Our favourite Uncle Charlie, Mum’s brother, used to come and see me and my brother quite often.
He had no sons of his own and he used to regale us with stories of his time in the Navy during WW1 and also gave us sound advice. He convinced us that football and smoking were incompatible and promised us ten shillings each if we hadn’t started smoking at age 21. Neither of us has ever smoked.
On one visit he asked us what we wanted to be when we grew up. We immediately said that we wanted to play for Everton. He thought for a moment, then he said that nothing falls in your lap in this world, you have to go out and grab it. What you must do, he continued, was go to Everton and ask for a trial. If they refuse, say that you are going to Liverpool and they will call you back as they will be worried about losing out to Liverpool.
The following Sunday, the two of us went to Goodison Park. We found a door open at the back of the main stand and went up several flights of stairs until finally we came to a window with ‘enquiries’ on in gold letters. There was a bell which we rang. We heard footsteps approaching, the window slid back and a woman said ‘Waddya want’. In unison, we said ‘we’ve come for a trial’. She looked us up and down and then said ‘wait here’. She closed the window and went away. After a few minutes we heard the footsteps return and she said ‘how old are you’. We hadn’t expected this and my brother added a year and said ‘fifteen’ so I added a year on to mine and said ‘fourteen’. She said ‘wait here’ and disappeared again.

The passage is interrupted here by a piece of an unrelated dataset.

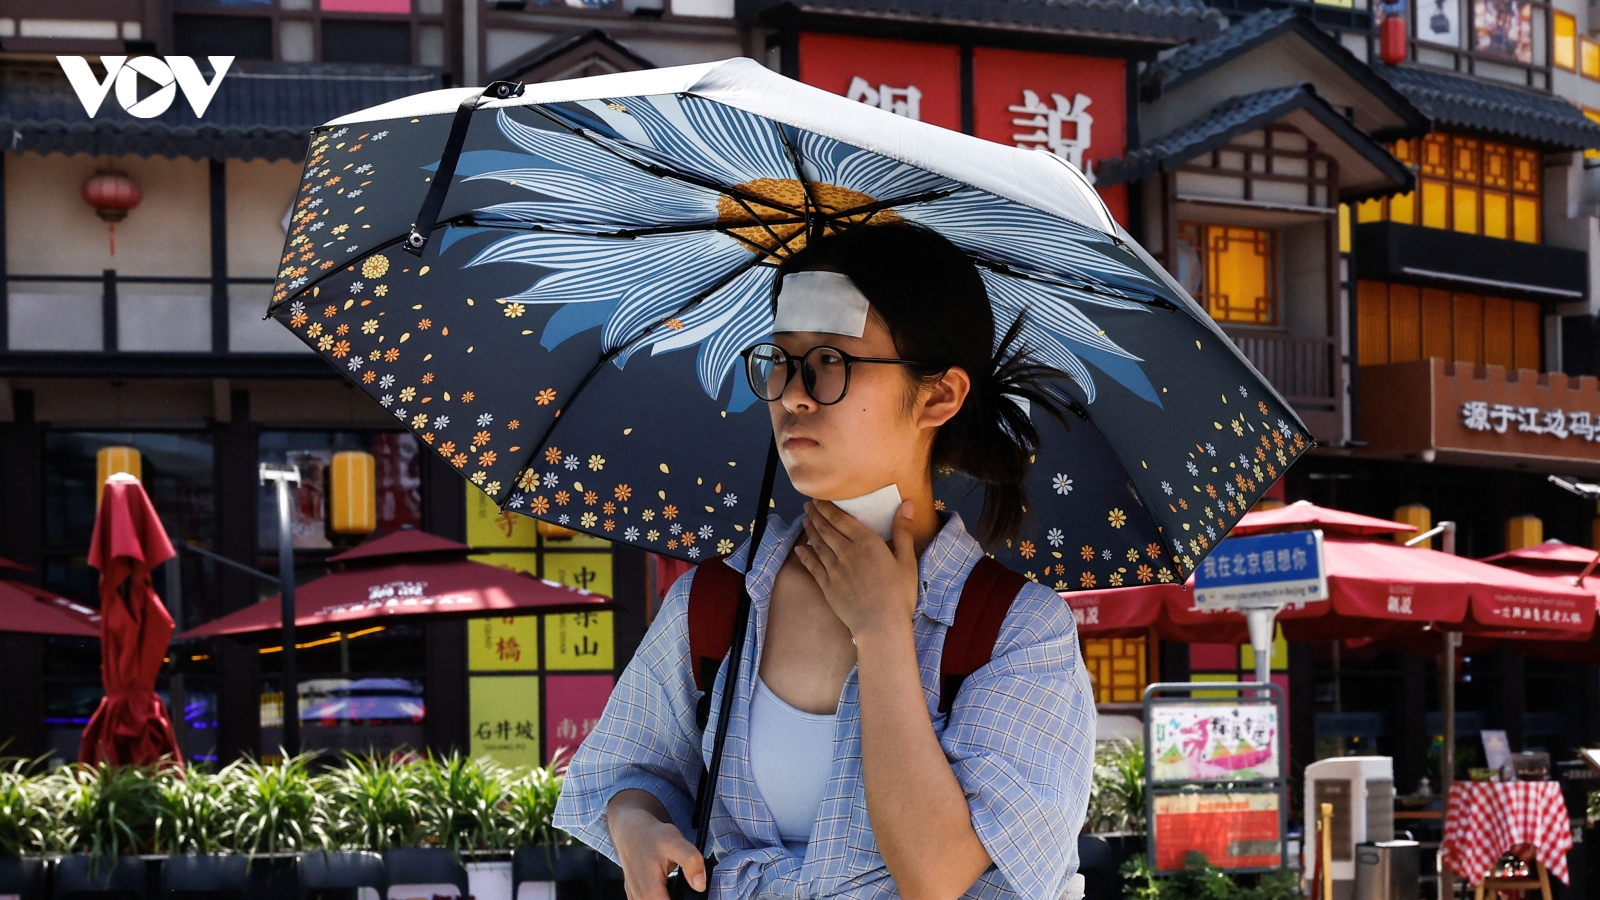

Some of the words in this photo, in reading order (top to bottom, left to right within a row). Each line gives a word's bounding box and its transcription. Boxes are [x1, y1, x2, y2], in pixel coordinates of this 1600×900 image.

A few minutes later she came back and said ‘come back when you are eighteen’. The window closed. Devastated, we trudged down the stairs, then half-way down we remembered Uncle Charlie’s advice and shouted ‘we’re going to Liverpool’. We shouted it about three times but no one answered. We were very disappointed in Uncle Charlie as his advice was usually sound and on his next visit we told him the story and he laughed until tears ran down his cheeks. Anyway, he gave us a shilling each which cheered us up a bit. This is a true story that happened in 1949.
We never did go back for our trial as, at eighteen, my brother was doing his National Service in Hong Kong and I was doing mine in Singapore and Malaya.